But wait - haven’t Modern Data Stacks been around since 2016? How is this still new?
So everyone uses a Modern Data Stack now, right?
Not even remotely.
While building infrastructure to handle data is of the utmost importance (at least, in our opinion), it can seem like a big and expensive project. Plenty of organizations have other priorities, and because maintaining a data lake is relatively easy and cheap, creating an MDS falls to the bottom of the to-do list. As a result, data scientists and analysts are left to figure out solutions on their own.
At Pickaxe, we’ve met many clients who were still using Excel to manage their data at the beginning of our working relationship. And some of these are large corporations working across multiple verticals. They’d been hoarding data in a big swamp for over a decade and hadn’t begun looking into it at all, mostly for cost reasons. They’re just now beginning to invest in this technology. Even though it seems passé to us, it’s brand new to them.
In our experience, once we introduce the concept of a Modern Data Stack and begin building warehouse infrastructure, our clients are thrilled. They find that it solves problems they didn’t even know were problems. And it’s a massive improvement over what they were doing before.
Does “Modern Data Stack” still mean anything?
As time has gone on – especially in the last 12-18 months – many of the 3rd-party tools commonly used in Modern Data Stacks have been acquired or copied by big companies. The term “Modern Data Stack” is cropping up in contexts that may seem irrelevant to those who are experts in the subject.

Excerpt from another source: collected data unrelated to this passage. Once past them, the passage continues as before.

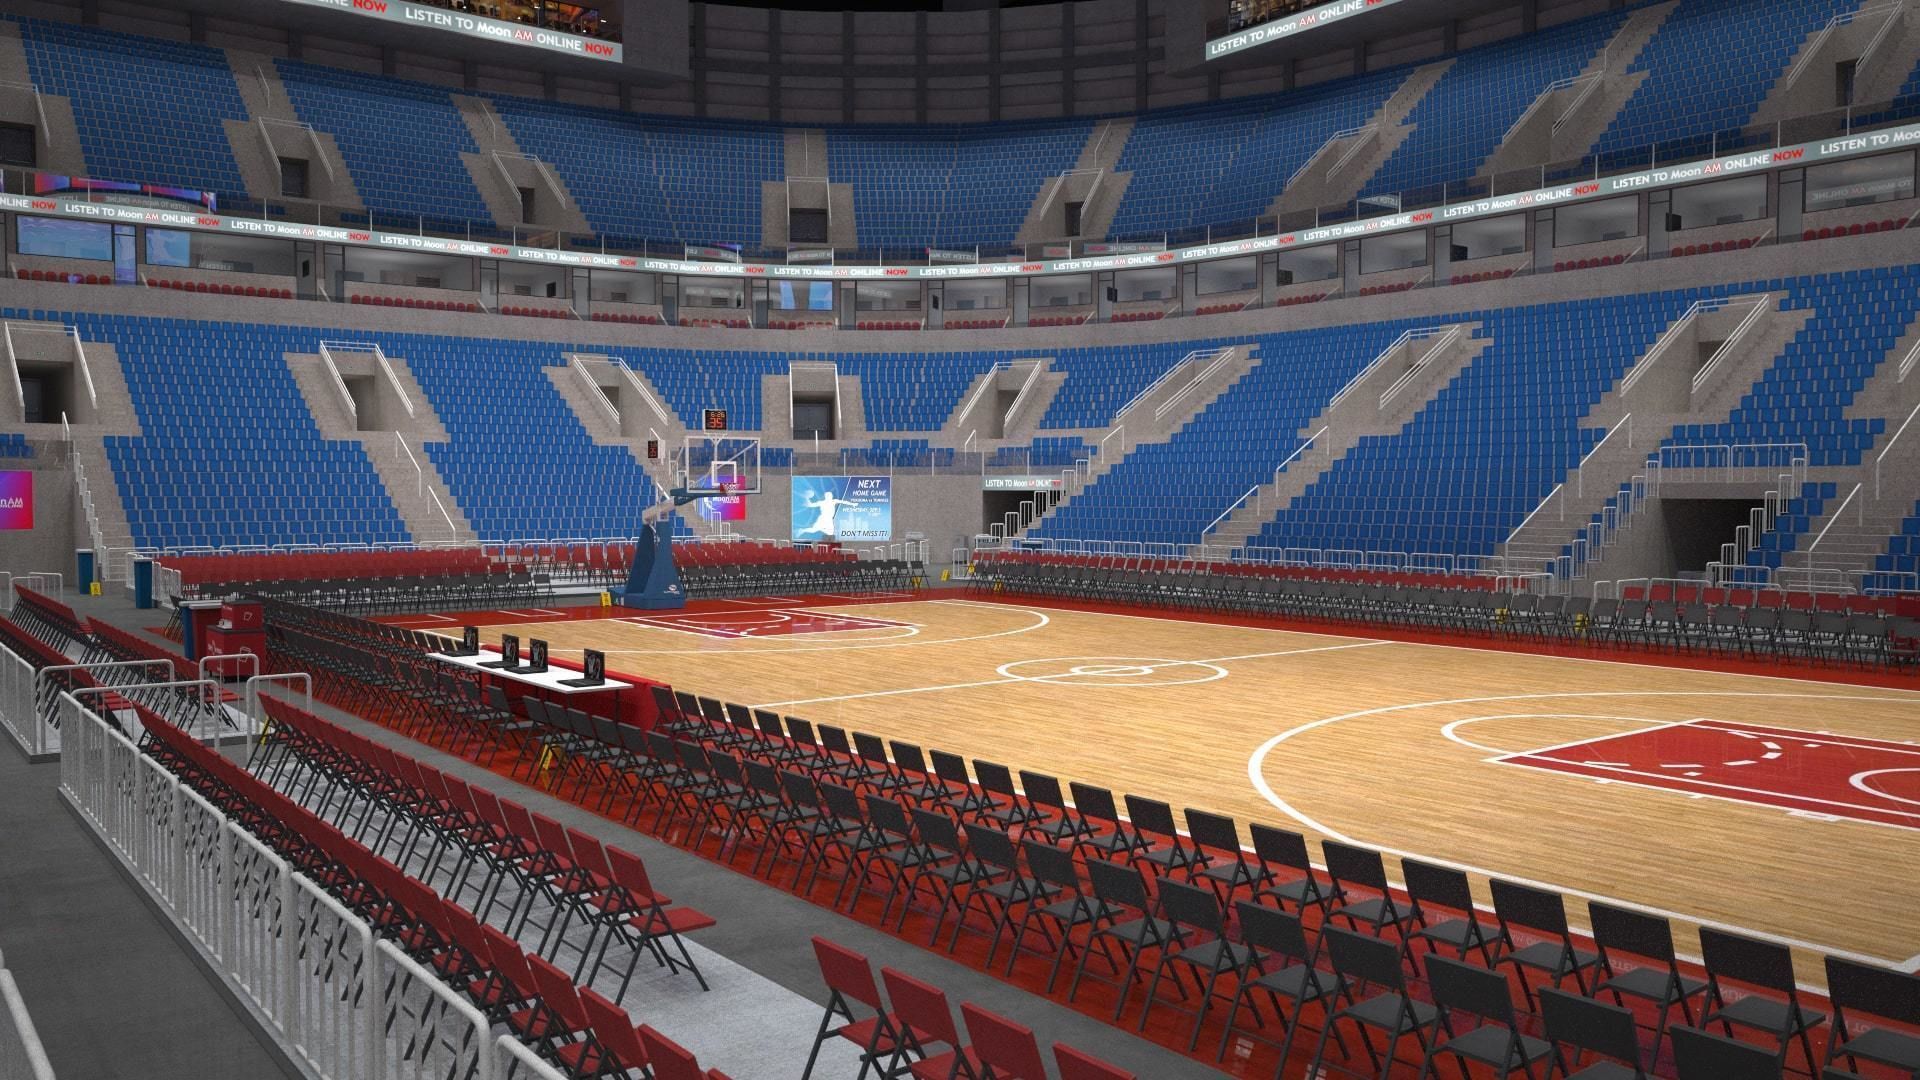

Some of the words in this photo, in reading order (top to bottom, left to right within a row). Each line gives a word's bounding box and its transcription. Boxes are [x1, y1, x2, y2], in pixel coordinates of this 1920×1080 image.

[353, 0, 387, 13] NOW
[405, 7, 451, 25] LISTEN
[455, 16, 474, 30] TO
[477, 23, 511, 38] Moon
[514, 28, 533, 41] AM
[536, 33, 581, 50] ONLINE
[584, 42, 614, 57] NOW
[1212, 35, 1247, 55] LISTEN
[1249, 29, 1265, 43] TO
[1267, 23, 1296, 39] Moon
[1299, 13, 1316, 27] AM
[1319, 0, 1363, 20] ONLINE
[1821, 137, 1866, 154] LISTEN
[1870, 134, 1889, 146] TO
[1612, 175, 1650, 190] LISTEN
[1652, 171, 1668, 182] TO
[1670, 167, 1701, 180] Moon
[1703, 162, 1722, 174] AM
[1725, 154, 1770, 170] ONLINE
[1772, 148, 1805, 162] NOW
[32, 200, 56, 209] NOW
[1443, 204, 1475, 218] LISTEN
[1476, 202, 1490, 212] TO
[1491, 198, 1518, 210] Moon
[1518, 194, 1534, 205] AM
[1535, 187, 1573, 202] ONLINE
[1574, 183, 1600, 196] NOW
[65, 204, 99, 216] LISTEN
[101, 207, 115, 217] TO
[117, 209, 143, 220] Moon
[144, 212, 159, 221] AM
[161, 213, 196, 225] ONLINE
[198, 217, 220, 227] NOW
[231, 220, 261, 231] LISTEN
[263, 224, 276, 233] TO
[277, 225, 300, 236] Moon
[302, 227, 315, 237] AM
[316, 229, 348, 240] ONLINE
[349, 233, 370, 241] NOW
[1303, 229, 1330, 241] LISTEN
[1331, 227, 1342, 236] TO
[1343, 224, 1365, 235] Moon
[1366, 221, 1378, 231] AM
[1380, 215, 1411, 228] ONLINE
[1412, 211, 1433, 223] NOW
[380, 235, 409, 246] LISTEN
[409, 238, 422, 247] TO
[423, 239, 445, 249] Moon
[446, 241, 458, 250] AM
[460, 243, 489, 254] ONLINE
[1182, 249, 1207, 259] LISTEN
[1208, 247, 1218, 256] TO
[1219, 245, 1239, 254] Moon
[1240, 242, 1252, 251] AM
[1253, 238, 1278, 250] ONLINE
[1279, 235, 1295, 244] NOW
[518, 249, 544, 259] LISTEN
[545, 252, 557, 261] TO
[559, 254, 580, 263] Moon
[580, 256, 592, 264] AM
[593, 256, 619, 266] ONLINE
[619, 258, 637, 266] NOW
[1053, 261, 1080, 271] LISTEN
[1081, 260, 1092, 269] TO
[1093, 259, 1113, 268] Moon
[1114, 257, 1126, 266] AM
[1127, 255, 1156, 265] ONLINE
[1157, 253, 1175, 262] NOW
[644, 261, 668, 270] LISTEN
[669, 263, 679, 271] TO
[680, 263, 699, 272] Moon
[700, 264, 713, 272] AM
[714, 264, 744, 273] ONLINE
[746, 266, 765, 274] NOW
[774, 267, 800, 276] LISTEN
[802, 268, 812, 276] TO
[813, 268, 833, 276] Moon
[834, 268, 848, 276] AM
[850, 268, 884, 276] ONLINE
[886, 268, 908, 276] NOW
[919, 267, 946, 276] LISTEN
[947, 267, 958, 275] TO
[959, 266, 979, 275] Moon
[980, 266, 992, 274] AM
[992, 264, 1020, 273] ONLINE
[1022, 264, 1043, 273] NOW
[857, 479, 882, 489] NEXT
[985, 479, 1004, 487] LISTEN
[1004, 479, 1013, 487] TO
[1013, 479, 1028, 488] Moon
[852, 489, 869, 497] HOME
[870, 489, 887, 497] GAME
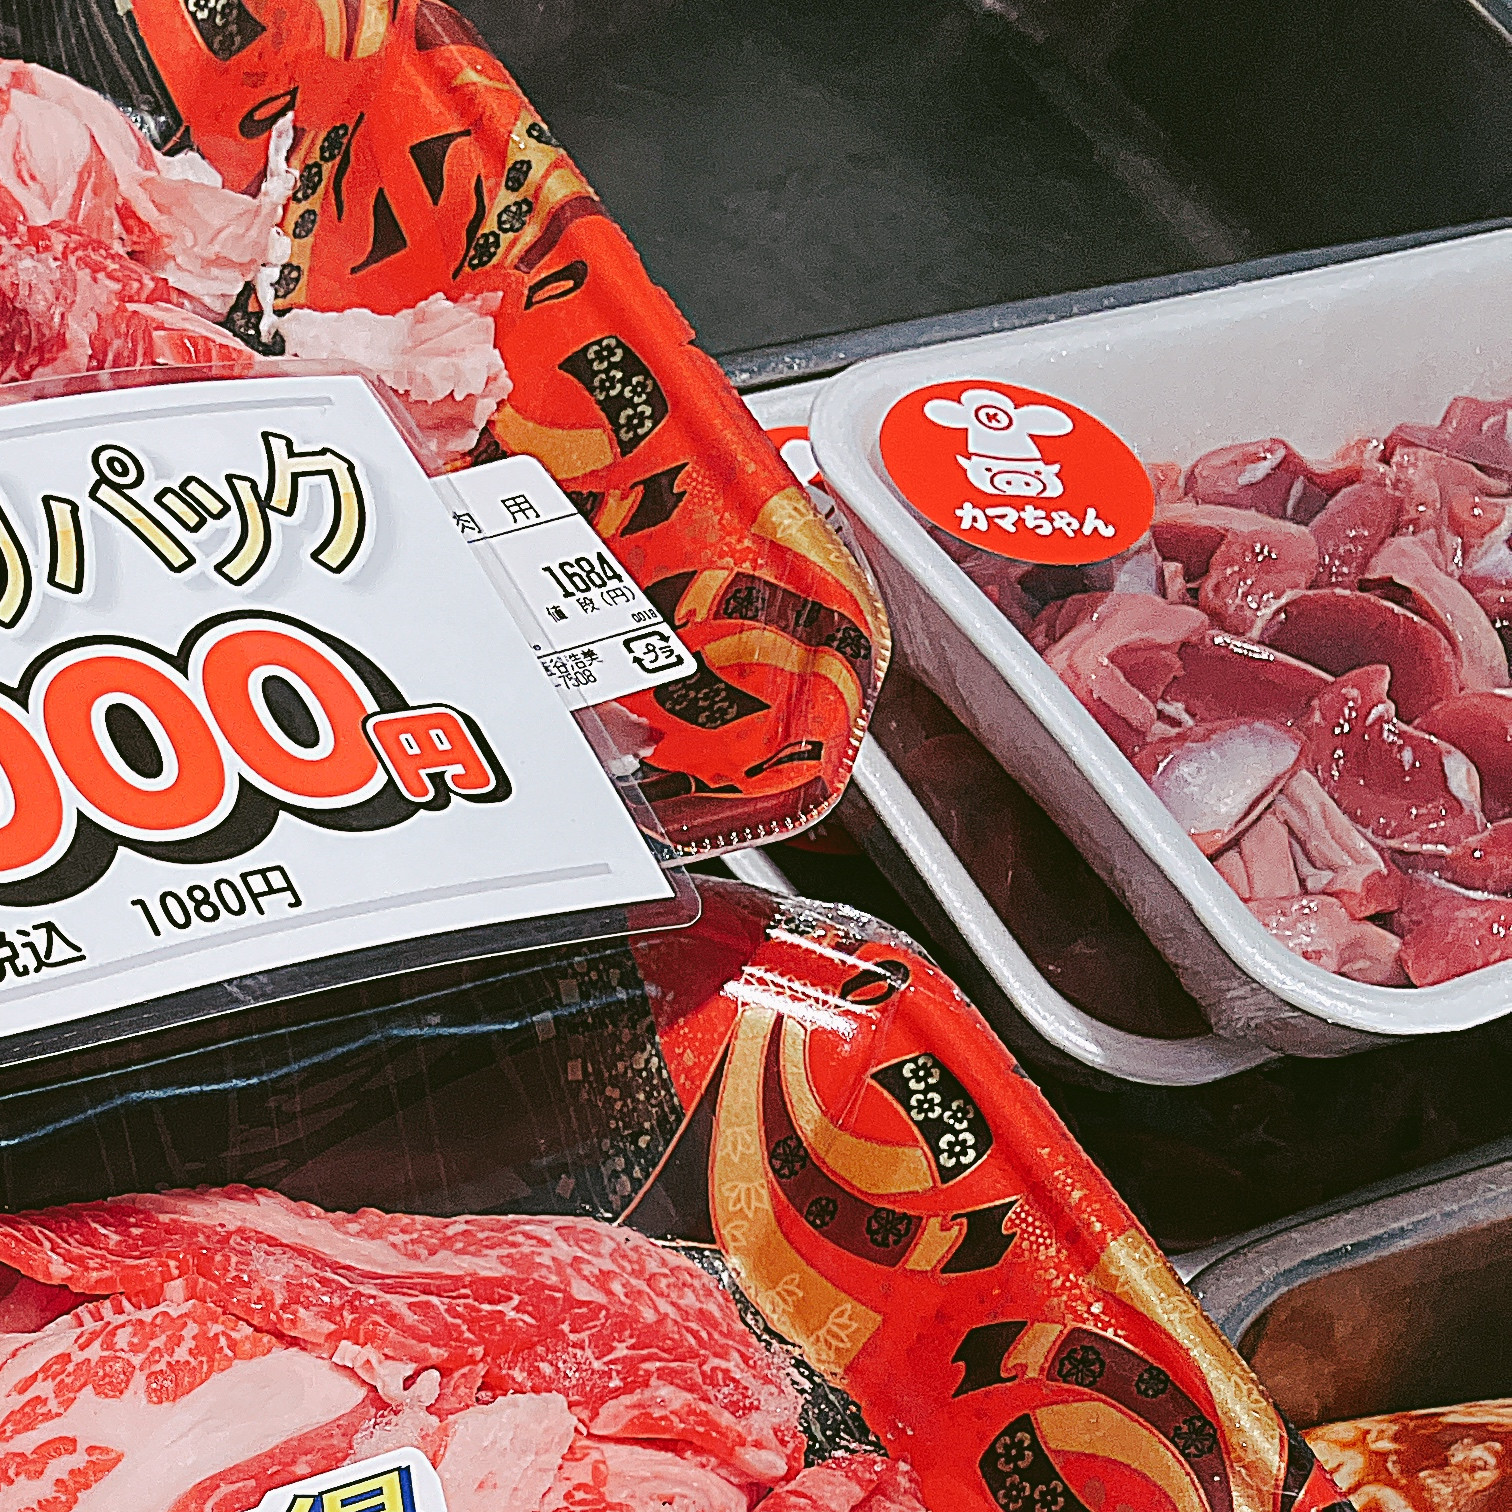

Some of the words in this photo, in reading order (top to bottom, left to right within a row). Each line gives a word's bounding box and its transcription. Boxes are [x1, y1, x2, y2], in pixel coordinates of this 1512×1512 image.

[954, 502, 1116, 537] カマちゃん
[542, 552, 623, 599] 1684
[130, 865, 303, 939] 1080円
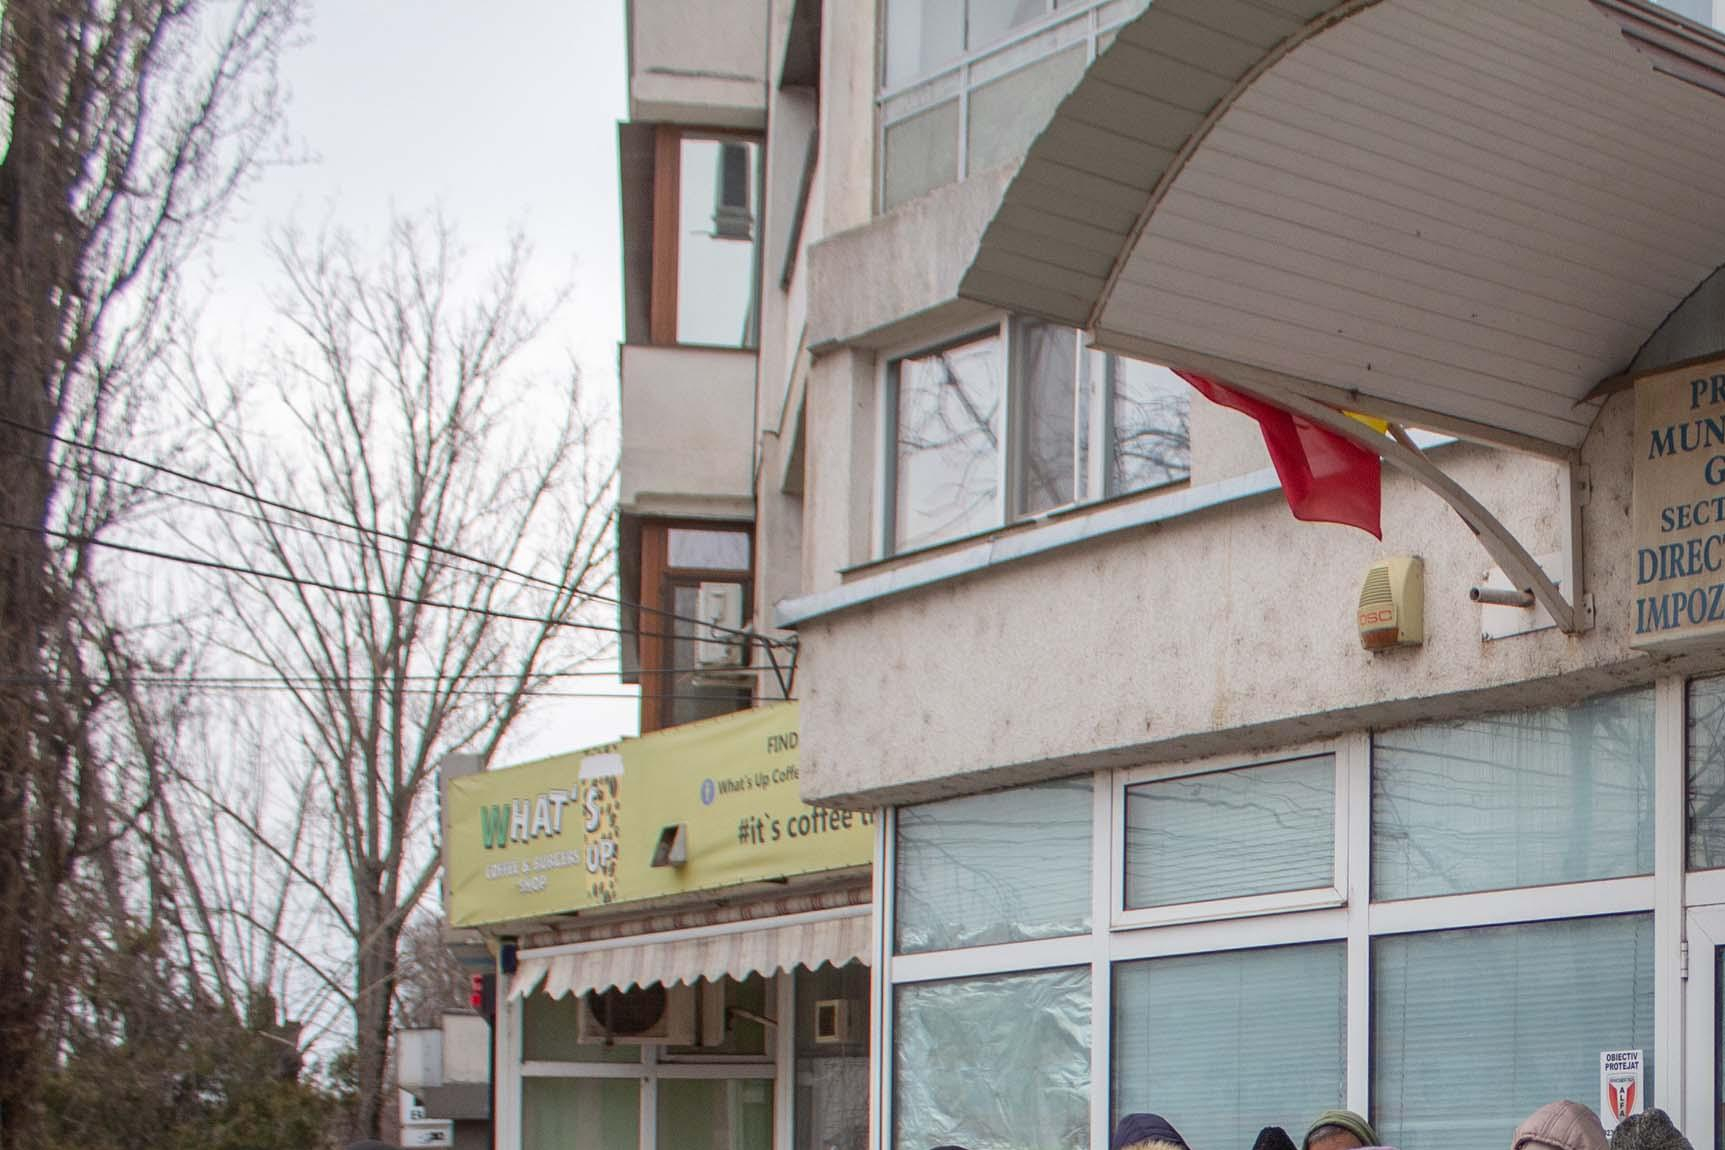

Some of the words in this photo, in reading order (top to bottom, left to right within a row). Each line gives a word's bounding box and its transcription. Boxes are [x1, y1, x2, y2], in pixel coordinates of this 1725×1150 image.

[767, 731, 799, 754] FIND
[755, 771, 770, 790] Up
[787, 806, 853, 838] coffee
[586, 839, 616, 874] UP
[1605, 1062, 1640, 1071] PROTEJAT
[1606, 1052, 1638, 1062] OBIECTIV
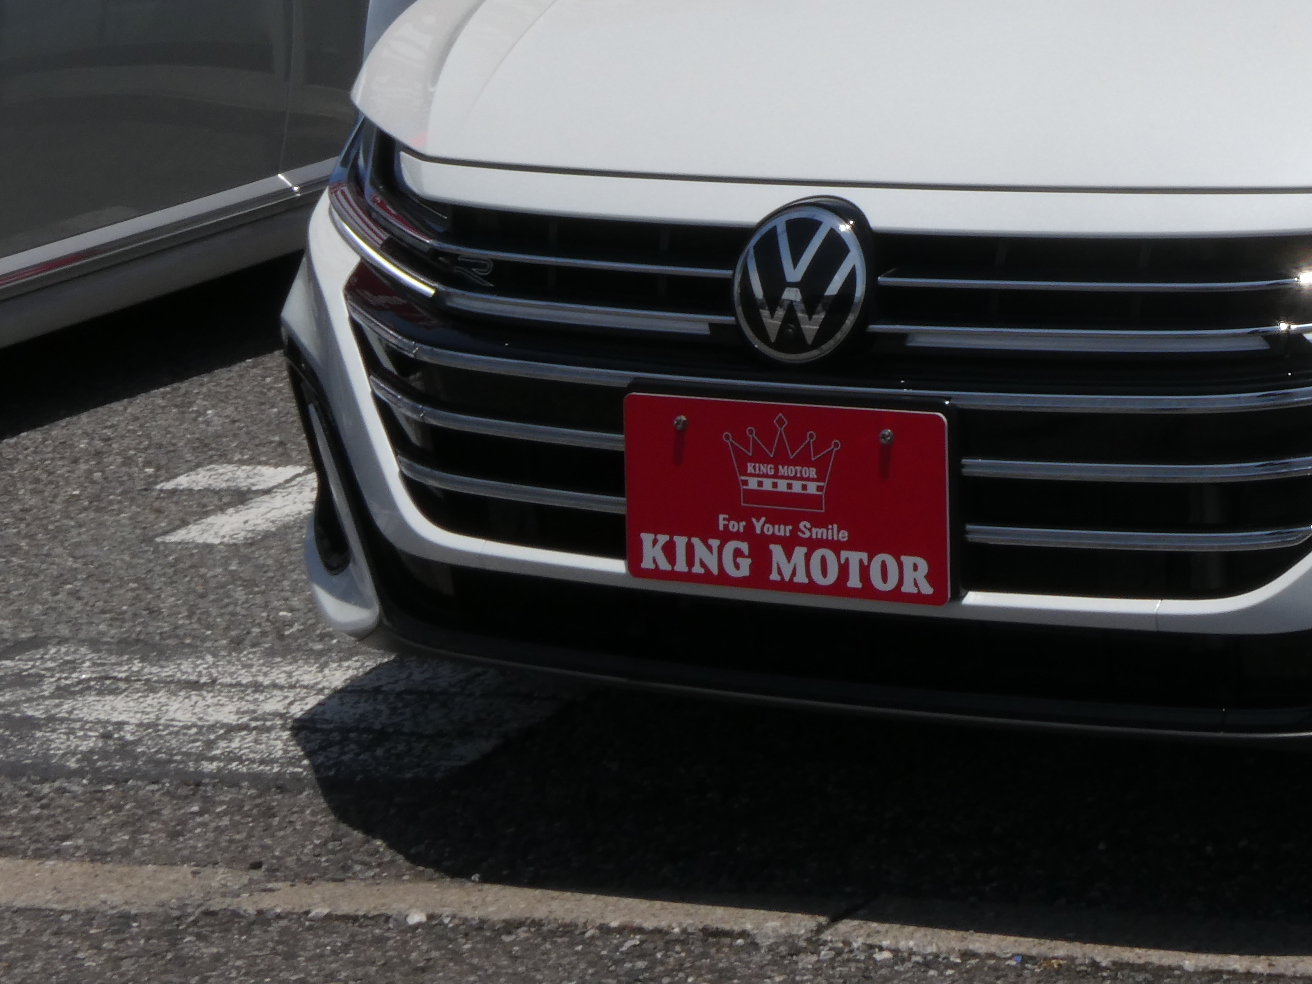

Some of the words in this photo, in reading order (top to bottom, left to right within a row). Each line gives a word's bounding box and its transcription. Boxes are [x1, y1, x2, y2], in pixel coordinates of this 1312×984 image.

[747, 462, 775, 476] KING
[778, 465, 817, 479] MOTOR
[718, 514, 746, 533] For
[751, 517, 792, 537] Your
[798, 521, 849, 542] Smile
[640, 533, 752, 578] KING
[768, 543, 934, 595] MOTOR

The ubiquity of the term might make it seem like MDS has become a buzzword rather than a salient concept, which could be an indication that the Modern Data Stack is dying.
However, the ubiquity of the term “Modern Data Stack” could also imply that the concept is becoming mainstream. And working with big companies means tools can be souped up with more functionality – for example, you can have things like observability, lineage, and orchestration built into the tool, because there are more resources behind them.
Is the Modern Data Stack perfect? Definitely not. However, as data scientists who are closely following the development of these tools, it’s natural to assume that they’re more prevalent than they are.
It’s easy to hyperfocus on the next thing when you’ve got deep industry knowledge, and you know what’s happening on the bleeding edges of data. But outside of our specialized circle, most people haven’t put an MDS into practice, and many don’t even know what it is.
Before discarding the Modern Data Stack to move to the next thing, let’s try to put it into practice fully, and then think about what we can do to improve.